Strip the pictures and reproduce the rest of the listing exactly.

--- WORKING DATA ---
★ ★ ★ ★ ★
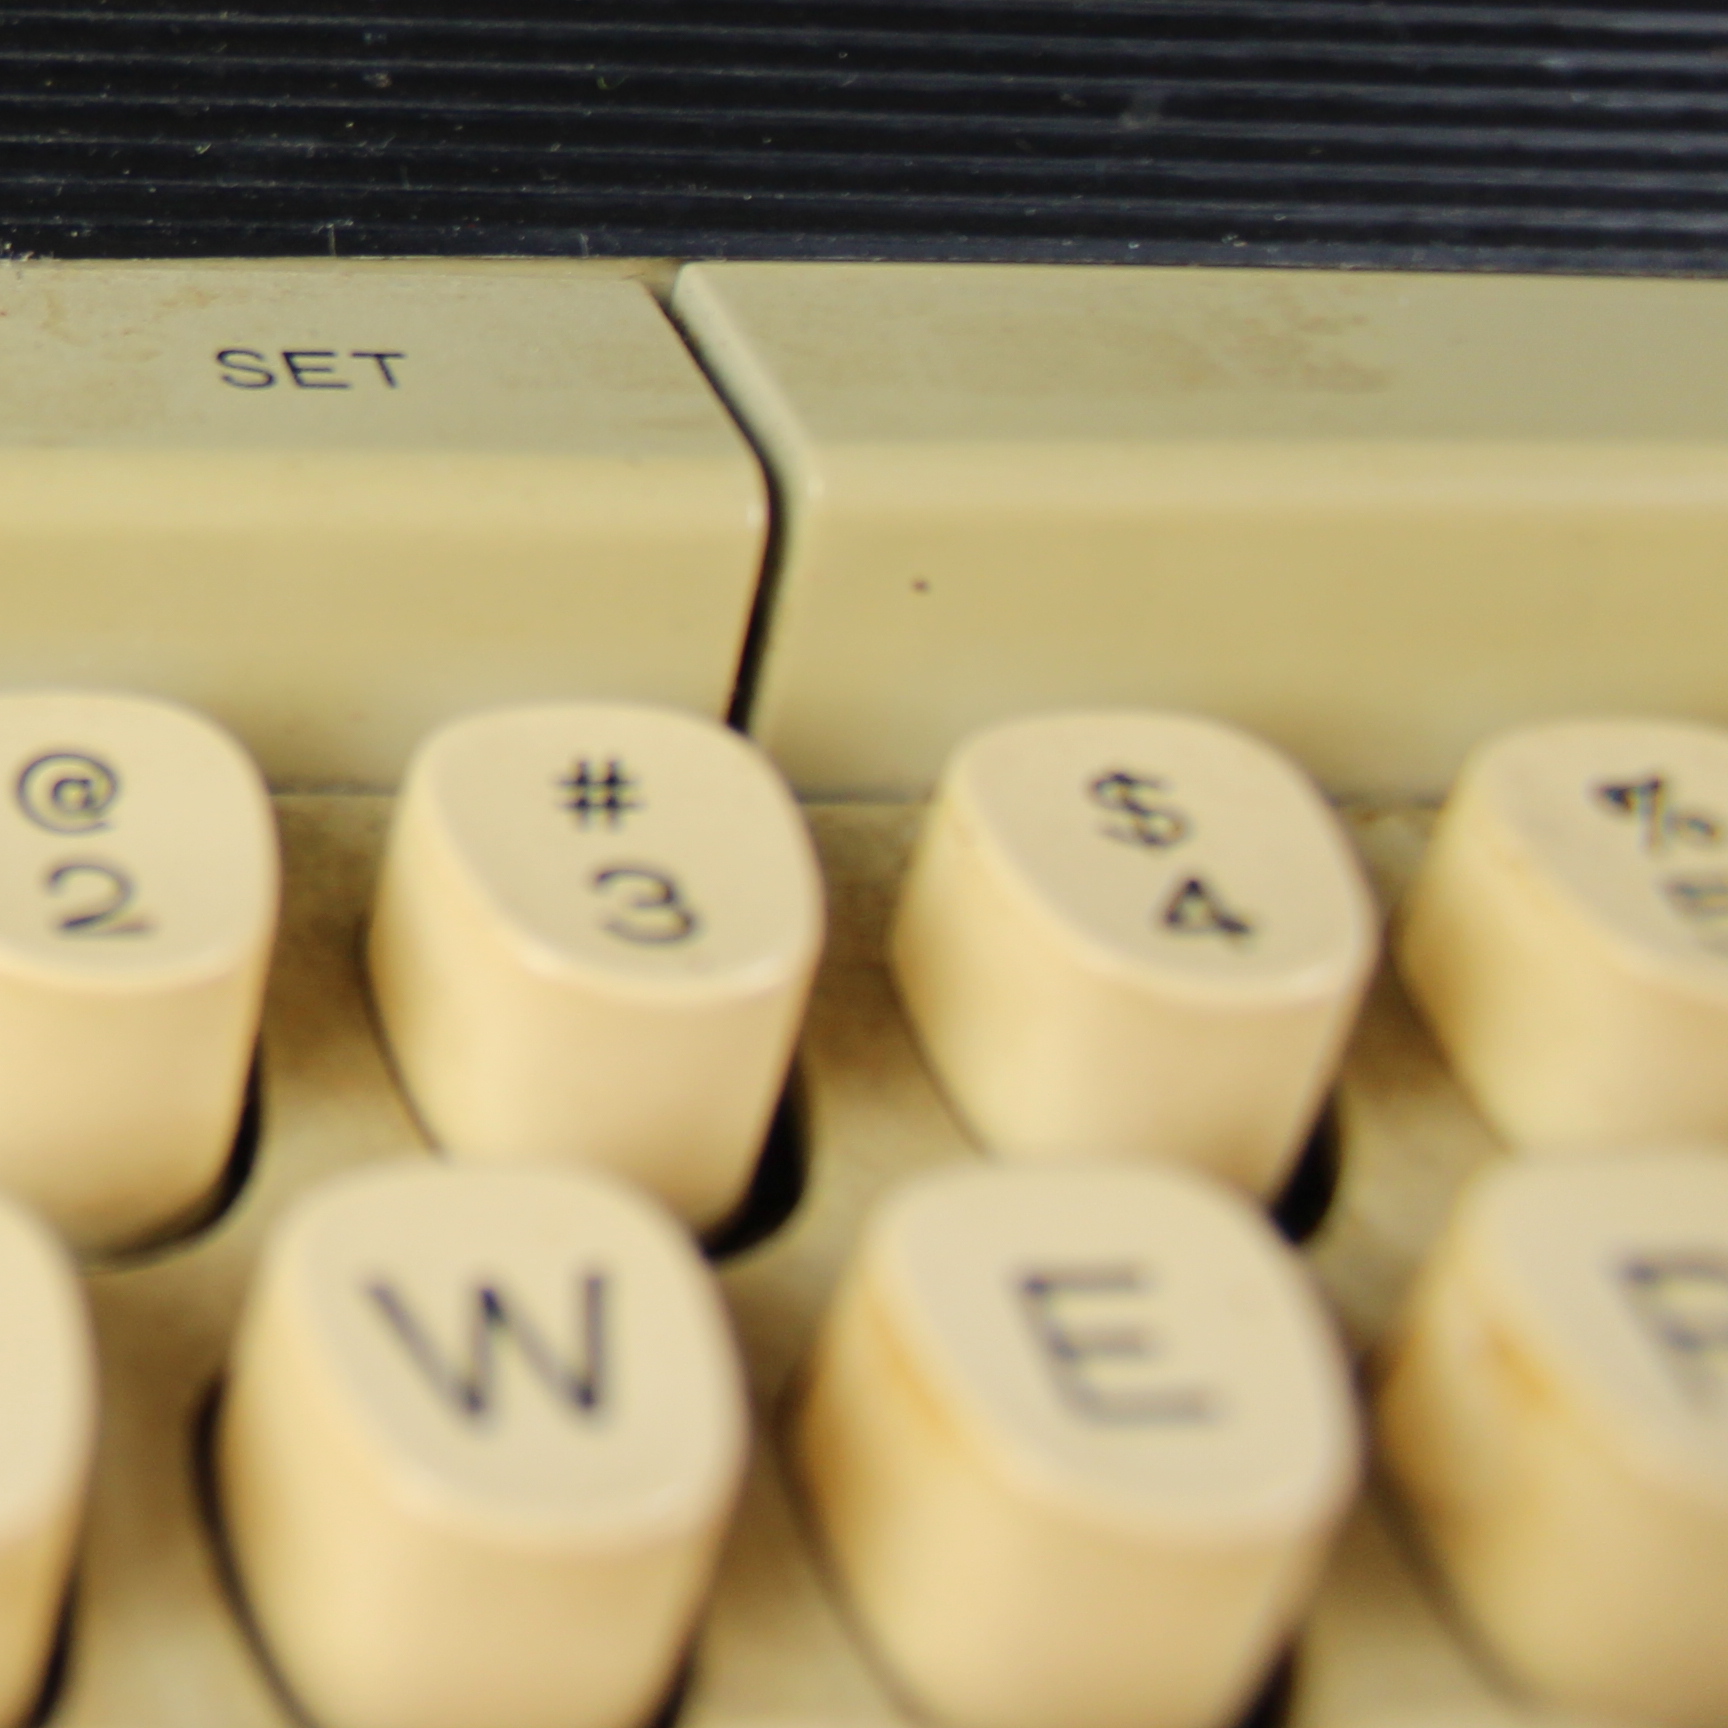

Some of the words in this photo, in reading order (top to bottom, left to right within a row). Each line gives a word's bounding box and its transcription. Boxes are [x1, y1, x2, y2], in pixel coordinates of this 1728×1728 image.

[216, 349, 406, 390] SET
[14, 750, 120, 836] @
[557, 758, 640, 830] #
[1084, 770, 1193, 850] $
[44, 860, 156, 938] 2
[590, 864, 702, 949] 3
[1158, 876, 1262, 946] 4
[361, 1268, 612, 1424] W
[1016, 1262, 1227, 1426] E
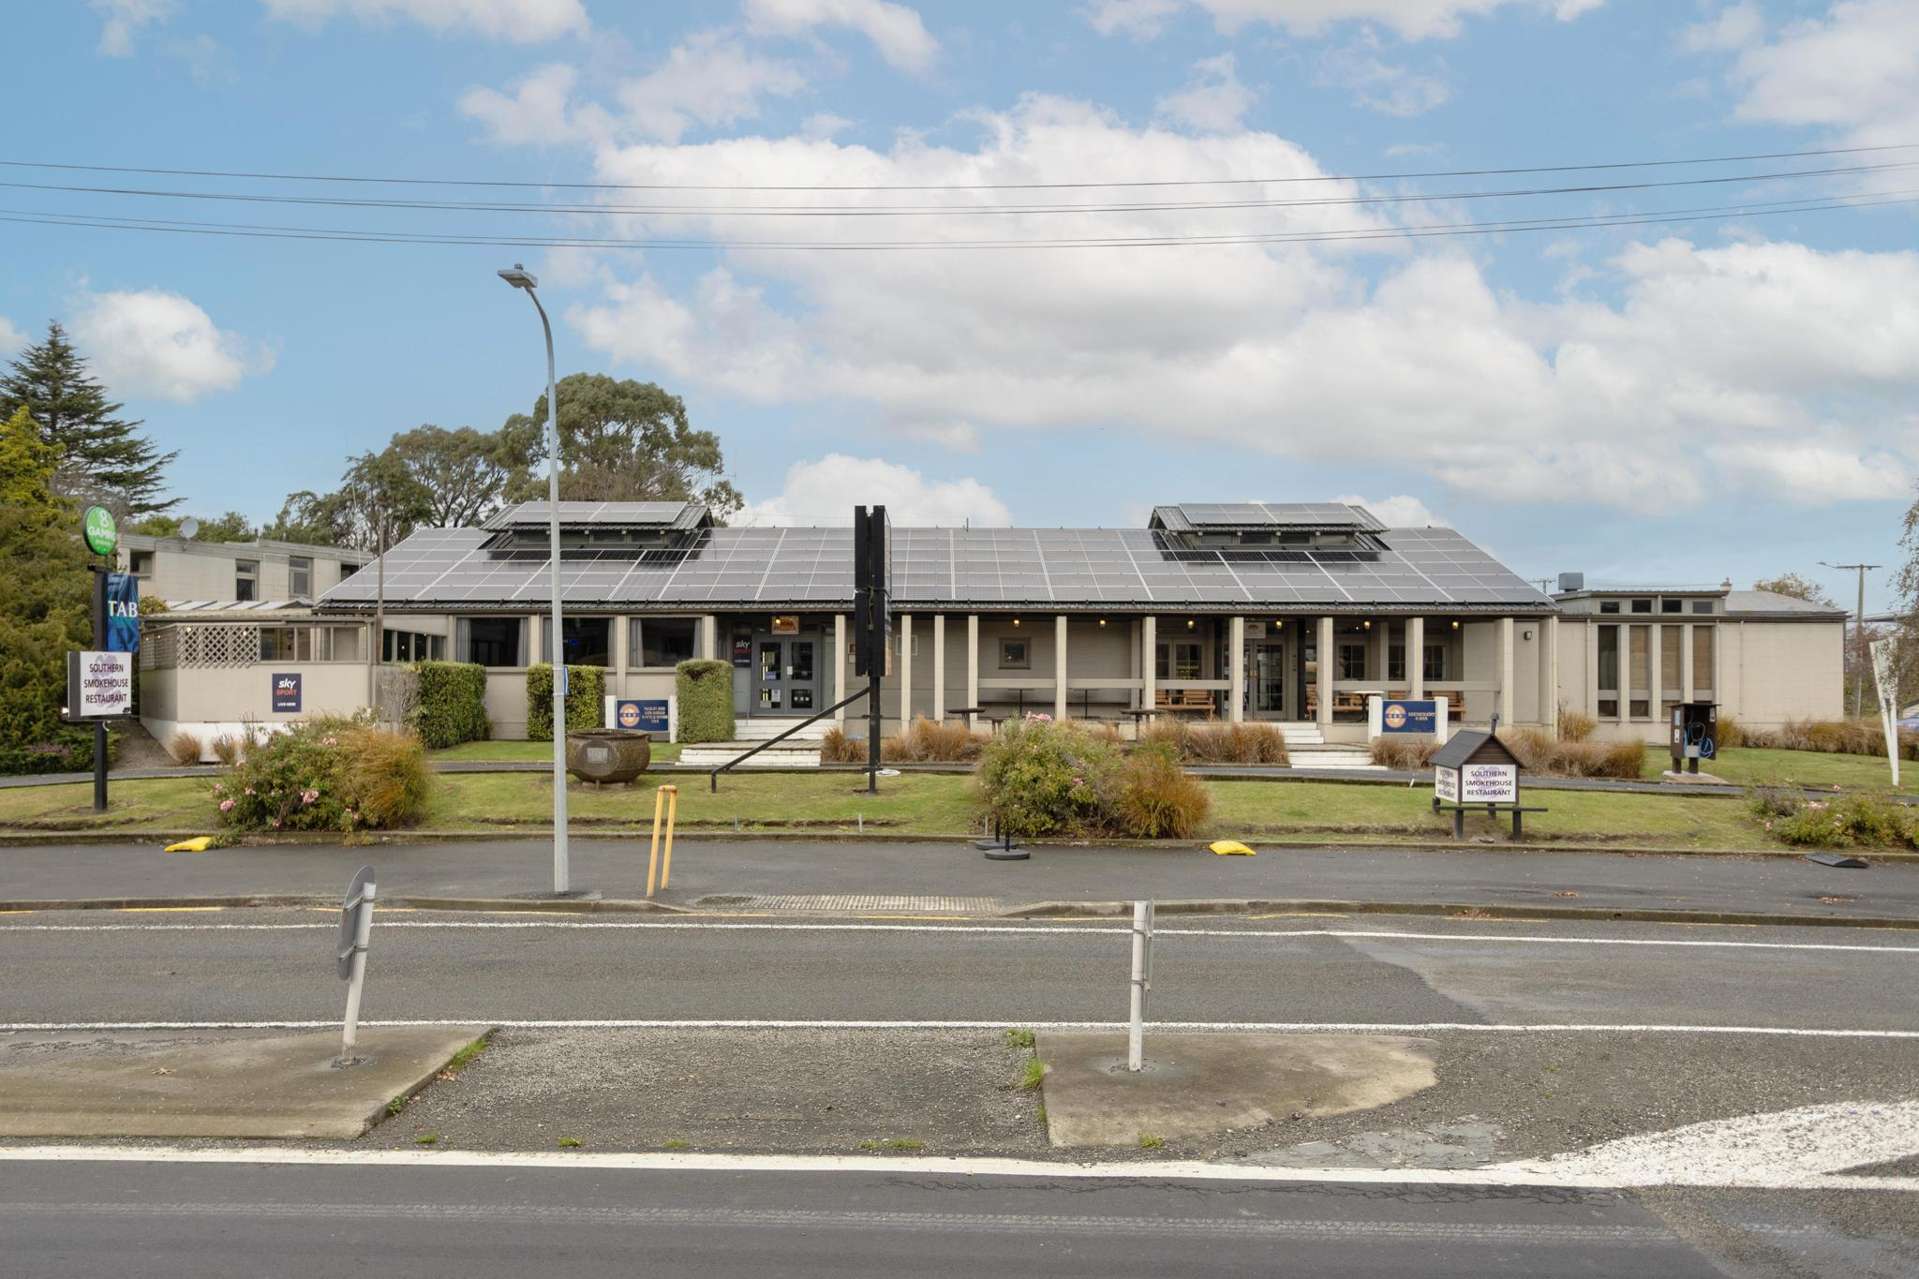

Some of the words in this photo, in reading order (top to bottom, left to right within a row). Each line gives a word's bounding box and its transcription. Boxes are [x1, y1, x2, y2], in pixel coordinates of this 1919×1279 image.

[107, 600, 138, 617] TAB
[89, 663, 124, 673] SOUTHERN
[83, 678, 129, 689] SMOKEHOUSE
[85, 693, 128, 704] RESTAURANT
★ ★ ★ ★ ★
--- PROBLEM SOLUTION ---
Some of the words in this photo, in reading order (top to bottom, left to right within a row). Each line gives a word's bounding box and its transcription. Boxes are [x1, y1, x2, y2], in pixel coordinates of this 1728×1728 image.

[216, 349, 406, 390] SET
[14, 750, 120, 836] @
[557, 758, 640, 830] #
[1084, 770, 1193, 850] $
[44, 860, 156, 938] 2
[590, 864, 702, 949] 3
[1158, 876, 1262, 946] 4
[361, 1268, 612, 1424] W
[1016, 1262, 1227, 1426] E

Some of the words in this photo, in reading order (top to bottom, left to right within a row). Each line gives a word's bounding box and its transcription. Boxes are [x1, y1, x2, y2], in pixel coordinates of this 1919×1279 image.

[107, 600, 138, 617] TAB
[89, 663, 124, 673] SOUTHERN
[83, 678, 129, 689] SMOKEHOUSE
[85, 693, 128, 704] RESTAURANT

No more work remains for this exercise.